What has been a problem is Scots institutions being run by outsiders who don’t value or understand Scot’s traditions or history. I studied art, history at school in Edinburgh, in the 70s, but learned nothing of Scots culture, history or heritage. I’m now teaching myself and learning of our great enlightenment, art and song.  For decades, no centuries, there has been deliberate policies to suppress Scots culture.  

II  Since the Scottish Parliament opened in 1999 twenty years ago, there has been renewed confidence to believe in and understand our rich Scots traditions and heritage. Artists are now proud to sing in their Scots accent. Gaelic is more popular than ever. My local folk club is flourishing. We also have many highly respected academics such as the distinguished historian Tom Devine, along with 4 fo the world's top universities. 

Scotland is creative and bold, but we allow other places (such as London) to make money out of our creativity. Big London outfits are profiting from turning Edinburgh into a Scottish Disneyland of the North. More money must be kept in Scotland to improve roads and infrastructure. We must teach more business in Schools and how to protect and keep the money here in Scotland: and build our own infrastructures.

For our size our cultural contributions are outstanding. They are also grassroots, rather than top down by some Big Label machine – and in my opinion much healthier and creative for it. 

**Special mention to artist and writer Alasdair Gray 1934 – 2019. We have just lost one of Scotland’s great artists and innovators. I took photos of him Edinburgh a few years back – what a great character! 

Friday 11 August 2017

Myths and Lies of Unionism

James IV of Scotland and Margaret Tudor

It is not only that Scottish culture has been suppressed, it has also been distorted by those career unionists, those Anglized Scots who view themselves as English first, Scots second and see their careers as a seat in the House of Lords. 

I attended a Lecture by the respected Scottish historian Tom Devine.
Where he spoke of a mass deluded country, and of (Caledonia’ by Breton) – he said that there were moves to put out the delusion that Scotland is a ‘small, poor, inadequate country’.

When in fact, before union, Scotland was a flourishing and trading nation, with a population a third of the UKs!

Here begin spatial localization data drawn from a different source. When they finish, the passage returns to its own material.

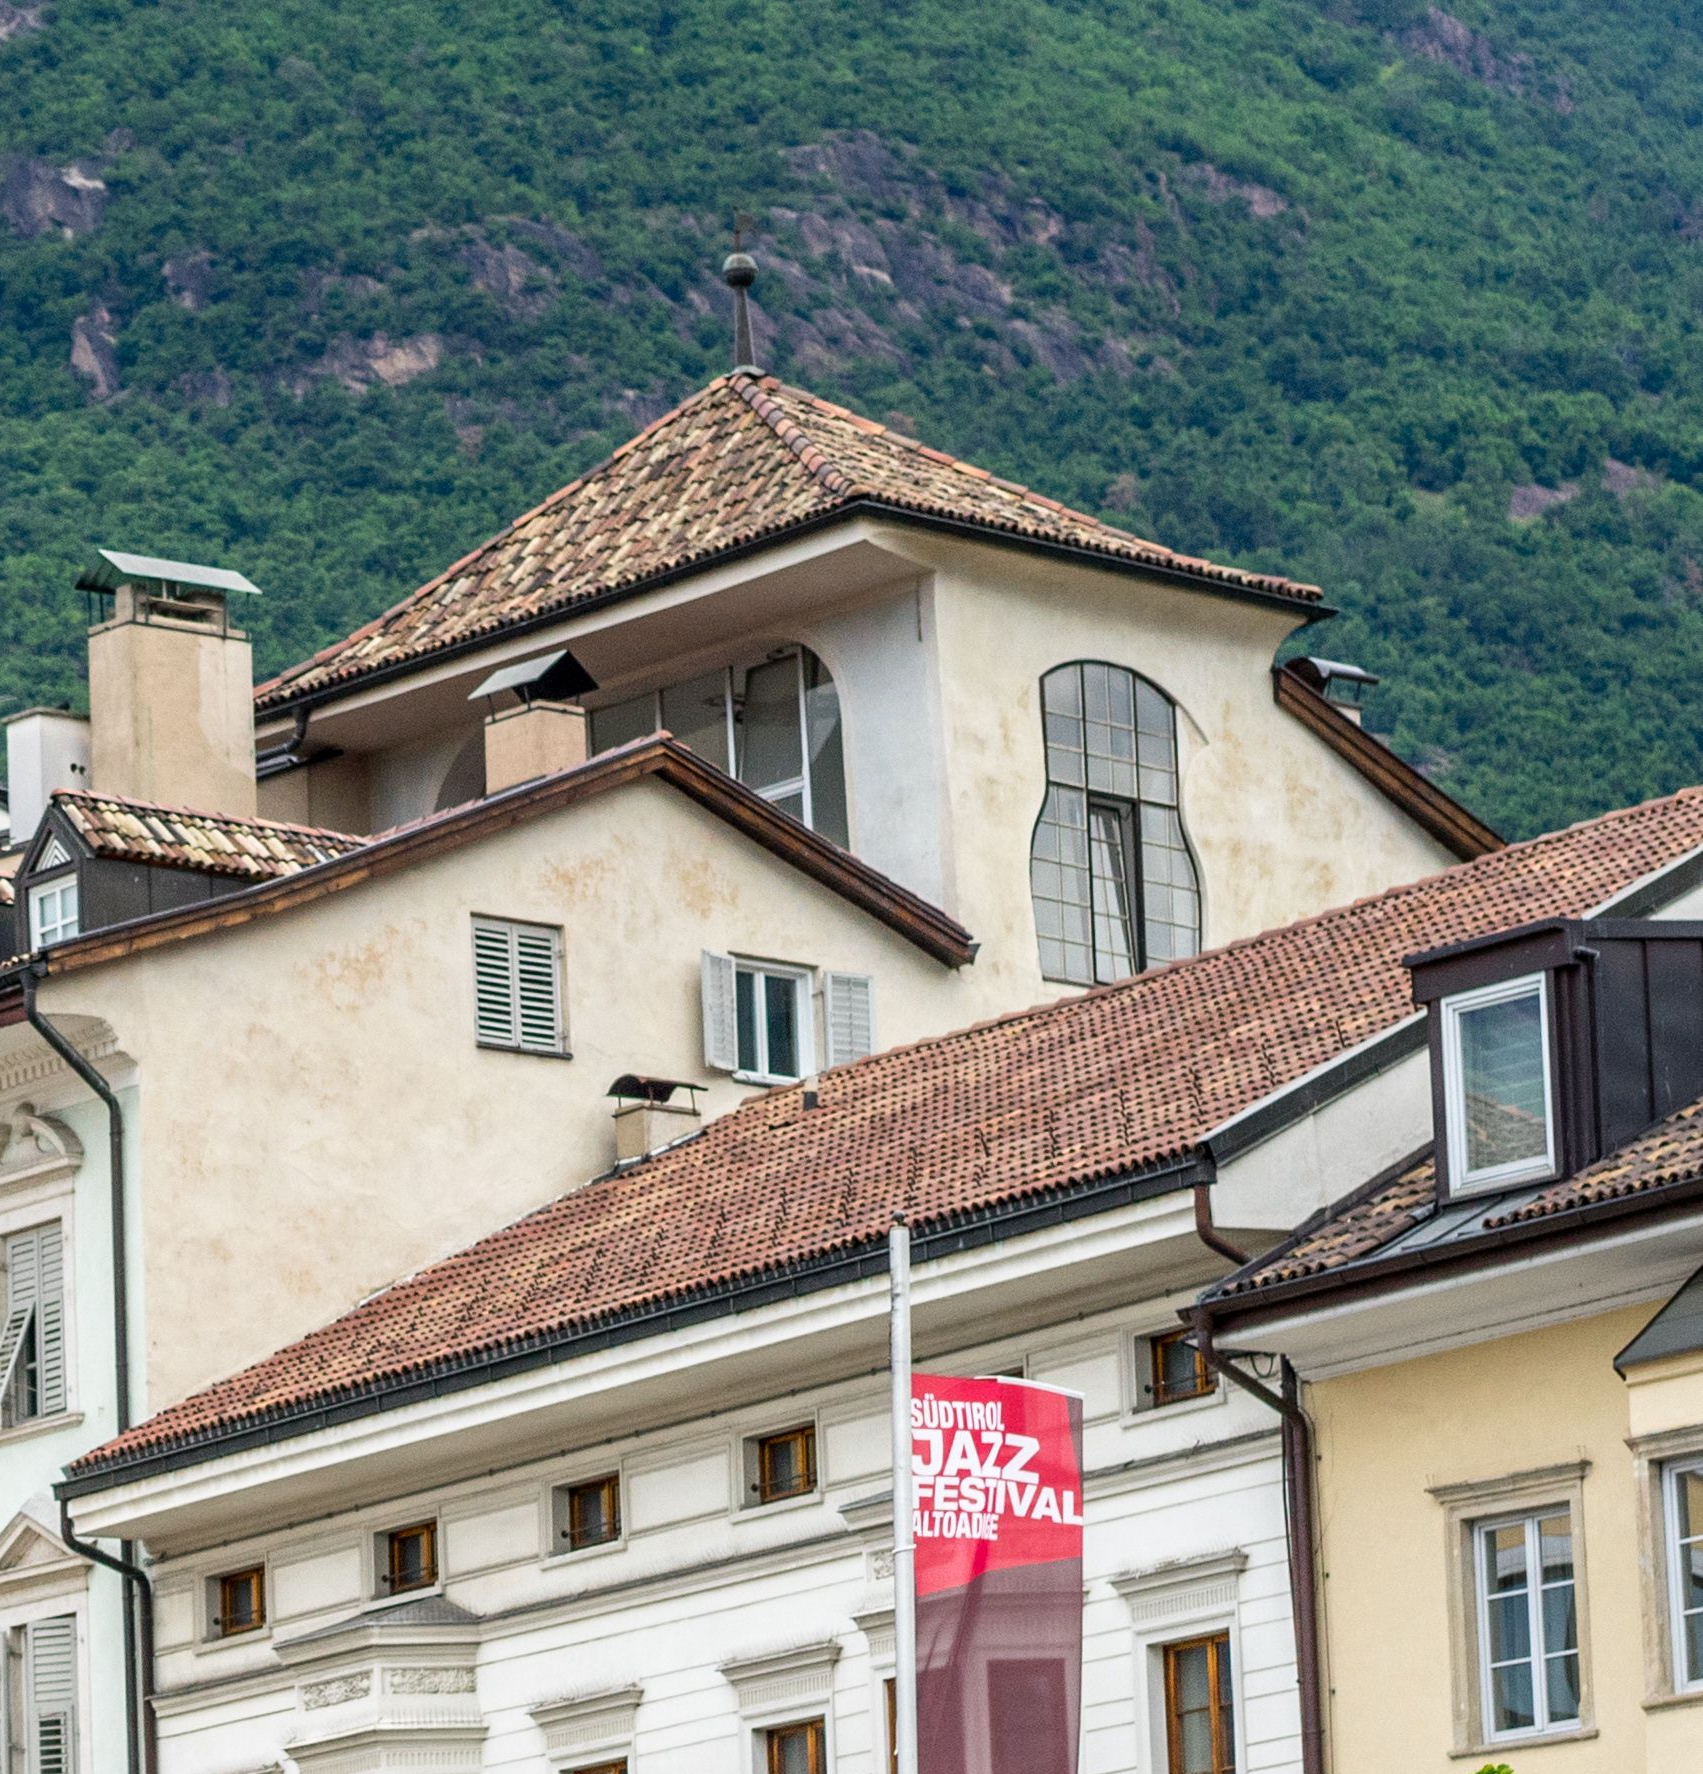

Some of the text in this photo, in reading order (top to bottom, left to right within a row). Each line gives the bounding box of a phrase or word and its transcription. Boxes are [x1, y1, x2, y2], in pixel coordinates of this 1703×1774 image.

[911, 1393, 1005, 1431] SÜDTIROL
[911, 1428, 1041, 1484] JAZZ
[912, 1476, 1083, 1526] FESTIVAL
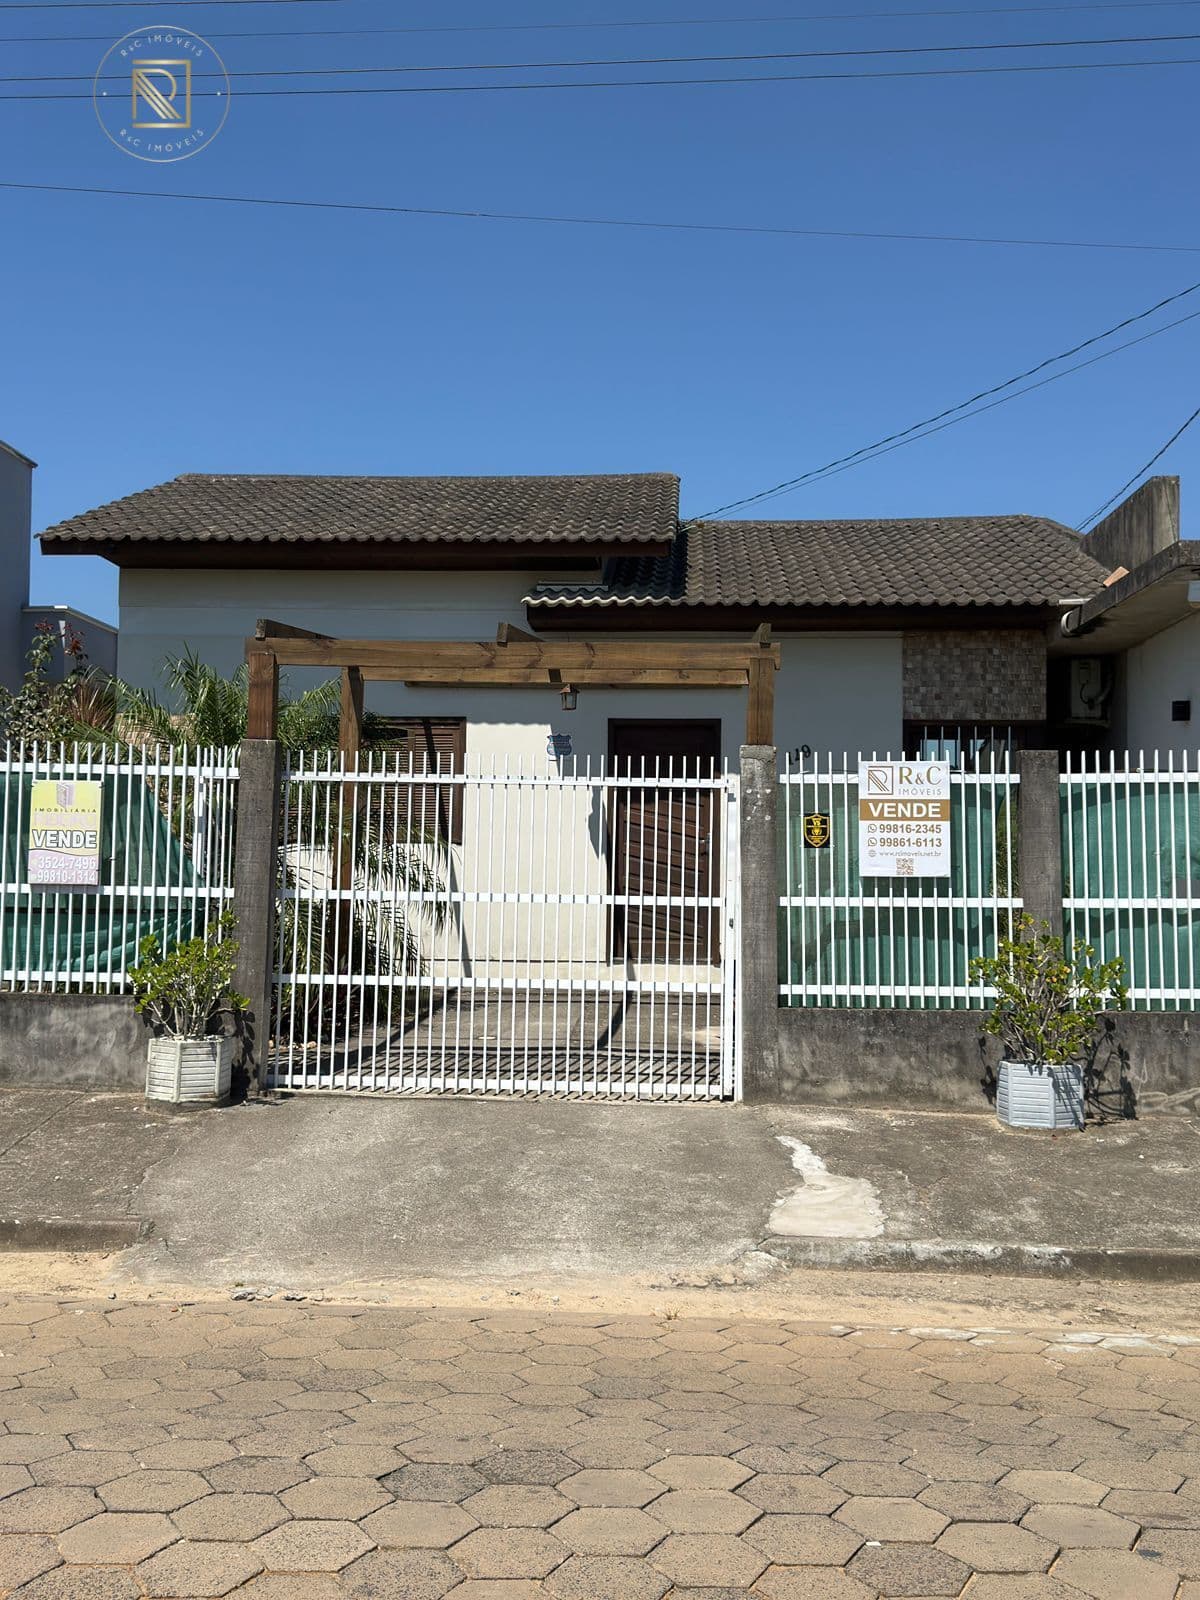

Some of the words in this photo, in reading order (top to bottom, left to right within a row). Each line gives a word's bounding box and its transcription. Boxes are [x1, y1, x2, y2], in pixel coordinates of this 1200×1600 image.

[899, 766, 941, 785] R&C
[868, 803, 942, 818] VENDE
[879, 823, 942, 834] 99816-2345
[32, 829, 98, 848] VENDE
[879, 837, 942, 848] 99861-6113
[38, 856, 96, 870] 3524-7496

After the Jacobites '45 challenge – the Highland dress was forbidden (the punished was imprisonment or deportation). Then in 1822 George IV visited Edinburgh in a short kilt and pink stockings! – and the Scots were ‘allowed’ to wear kilts.

He spoke of ‘The Unionist Myth” that was put about –

that says “Scotland is a land of darkness, faction, poverty and religious rigidity.”
The writer Prebble, put forward our ‘victimhood’ – with stories of Glencoe, Clearances, Darien Project and more.

After the failed Darien project, early 17th century, there was distortion of the facts and Myths were put forward by Unionists. The Darien financial disaster was over stated – it was common at that time for ventures such as these not to succeed. England refused to do trade with the Scots.

Our history becomes myths – what we want to believe – and the stories we pass on.

One interesting fact here is that the city of Glasgow voted against the Treaty of Union - that is those who were allowed to vote then.
Bonnie Dundee 
Prince James Francis Edward
The Scottish enlightenment
It also comes to light that Bonnie Prince Charlie was a reformer, that he wanted to bring more parliamentary scrutiny and that he was no fool either. The Hanoverian regime was corrupt. The Jacobites were defeated though by George I’s son, Duke of Cumberland who had been fighting in France.

 In our recent times we had a mountain of unionist lies - we were told in 2014 that voting for the union would mean "Devolution Max" (not happened), "Staying in Europe" (Brexit vote means leaving), "Better pensions" (??), improved funding (??)

We must now excavate below the Myths and falsehoods

In June 1385, the Parliament of Scotland decreed that Scottish soldiers serving in France

would wear a white Saint Andrew's Cross, both in front and behind, for identification.